Got a strange text from my husband today. He asked me if I felt that he abandoned us. My reply was "yes". He then thanked me for my honesty and said that it hurt to hear that from me but the true hurts and he has to live with it.

Later he asked if I wanted to go out to have a drink. I am not sure what he is doing? Do I go? I am starting to get to a good place will this make me take two steps back. I do want to hear what he has to say but I may not like what he has to say. Need advice.


----------



## costa200 (Jun 27, 2012)

You are now much more valuable for him. You're not just there anymore for him. Do you still love this guys? Are you 100% sure that after 1 year of not knowing north from south he finally made up his mind? Are you comfortable with the idea of getting back? 

If the answer to any of these questions is no then i personally say that you should not be wasting your time with this joker. The fact that it was him contacting you proves your worth. You are valuable as a person and frankly you quite probably deserve a lot better than what you have been having.


----------



## morituri (Apr 1, 2011)

There should be no harm as long as you are able to maintain your emotional detachment and not give in to any demands or requests from him without thinking them very thoroughly. But it is your call.


----------



## tiptoe1969 (Dec 31, 2011)

Thanks for the advice. I feel confident but because of my love for him i may not be able to maintain my emotional detachment. I guess this will be a test of my true strength and confidence. I haven't responded I will probably wait until tomorrow.


----------



## Count of Monte Cristo (Mar 21, 2012)

Why would you have a drink with him? He's not worthy of your friendship. Think Al Pacino in Godfather Part III. You're trying to get out and he's trying to pull you back in. I would take a pass. (Unless you're holding out hope for getting back together with him, which I think would be a mistake -- but it's ultimately your decision. Good Luck.)


----------



## FRANC (Mar 2, 2012)

Count of Monte Cristo said:


> Why would you have a drink with him? He's not worthy of your friendship. Think Al Pacino in Godfather Part III. You're trying to get out and he's trying to pull you back in. I would take a pass. (Unless you're holding out hope for getting back together with him, which I think would be a mistake -- but it's ultimately your decision. Good Luck.)

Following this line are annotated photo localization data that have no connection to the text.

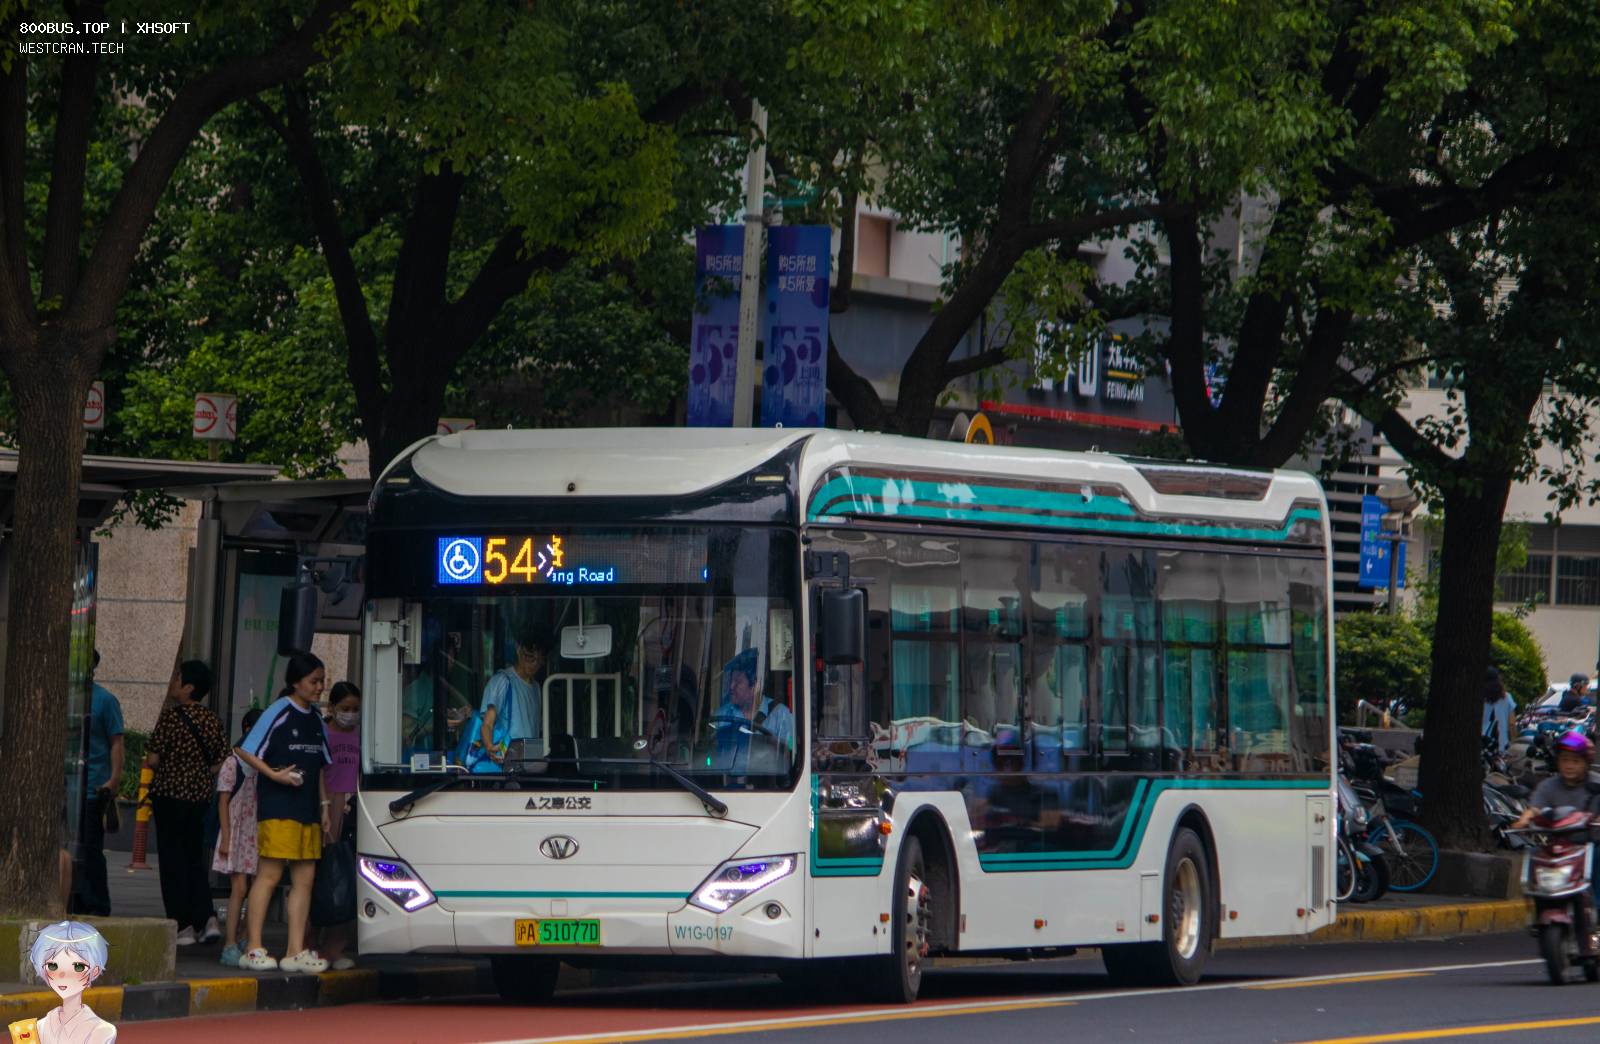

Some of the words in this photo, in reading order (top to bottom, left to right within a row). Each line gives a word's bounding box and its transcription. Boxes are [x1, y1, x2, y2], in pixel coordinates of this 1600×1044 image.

[778, 255, 816, 272] 购5所想
[778, 275, 815, 292] 享5所爱
[484, 538, 537, 584] 54
[579, 567, 613, 582] Road
[543, 922, 598, 942] 51077D
[674, 926, 733, 941] W1G-0197

_Posted via Mobile Device_


----------



## that_girl (Jul 6, 2011)

Ask him when and no matter what he says, be busy. Recommend a day time meeting, if you want.

But he cheated. You really want him back? He just knows he effed up and lost you-- you aren't begging and feeding his ego anymore...so he's dragging you back in.


----------



## FRANC (Mar 2, 2012)

Apologies for the blank reply....

What about speaking on the phone first to ask him if he has something specific he wants to ask or tell you...then you might be able to determine motive. 

If you want to maintain your progress, i would think twice about meeting. It is highly likely he doesnt just want to meet for a chit chat.
_Posted via Mobile Device_


----------



## ing (Mar 26, 2011)

Ten to one he will want to apologize "for the hurt" and be your friend. He will in no way offer any real remorse and it will all be about him and his guilt. Don't buy into it.
When he starts. Just raise your hand and shut it down. It will all be be about him.
Just for kicks.. Count the number of times he says "I"


----------



## Ansley (Apr 5, 2010)

Obviously he is having a rough time and can see from afar what he has lost. Living well is the best revenge and that is what you have done. He wants to make HIMSELF feel better about what has happened. Youre an adult. If you think your family can work again ...have a drink with him. I would put him off for awhile though.


----------



## tiptoe1969 (Dec 31, 2011)

Thanks all for your feedback and insight on his text message. It is always nice to hear from others looking in cuz when you are in it you don't see as clearly.

I decided not to meet. I am not ready. I really feel good about that decision. I know in time that day will come.


----------



## marksaysay (Oct 15, 2010)

tiptoe1969 said:


> Thanks all for your feedback and insight on his text message. It is always nice to hear from others looking in cuz when you are in it you don't see as clearly.
> 
> I decided not to meet. I am not ready. I really feel good about that decision. I know in time that day will come.


I think you made the right decision.


----------



## badbane (Jun 9, 2012)

Do what your brain tells you here. This is a situation where your heart is stupid and your brain is smart. If you are open to having him back in your life you should treat it as you are meeting for the first time after spending a whole life time apart. Don't back down, don't let your guard down, and don't let him back in until your head AND heart are sure you are ready to move on.


----------



## Ansley (Apr 5, 2010)

Good girl !


----------